Task description ▸
Print all the records exactly as they stand.

Excerpted data ▸

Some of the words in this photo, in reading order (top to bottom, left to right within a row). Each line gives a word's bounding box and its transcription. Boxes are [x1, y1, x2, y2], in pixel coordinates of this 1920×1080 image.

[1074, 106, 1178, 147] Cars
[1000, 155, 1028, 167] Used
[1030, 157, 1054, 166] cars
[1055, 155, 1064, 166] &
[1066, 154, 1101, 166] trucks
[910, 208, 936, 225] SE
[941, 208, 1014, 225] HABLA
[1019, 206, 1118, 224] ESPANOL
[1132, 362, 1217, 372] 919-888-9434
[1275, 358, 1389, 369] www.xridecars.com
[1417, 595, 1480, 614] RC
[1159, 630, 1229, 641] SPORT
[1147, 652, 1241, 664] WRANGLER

Output for this exercise ▸
Some of the words in this photo, in reading order (top to bottom, left to right within a row). Each line gives a word's bounding box and its transcription. Boxes are [x1, y1, x2, y2], in pixel coordinates of this 1920×1080 image.

[1074, 106, 1178, 147] Cars
[1000, 155, 1028, 167] Used
[1030, 157, 1054, 166] cars
[1055, 155, 1064, 166] &
[1066, 154, 1101, 166] trucks
[910, 208, 936, 225] SE
[941, 208, 1014, 225] HABLA
[1019, 206, 1118, 224] ESPANOL
[1132, 362, 1217, 372] 919-888-9434
[1275, 358, 1389, 369] www.xridecars.com
[1417, 595, 1480, 614] RC
[1159, 630, 1229, 641] SPORT
[1147, 652, 1241, 664] WRANGLER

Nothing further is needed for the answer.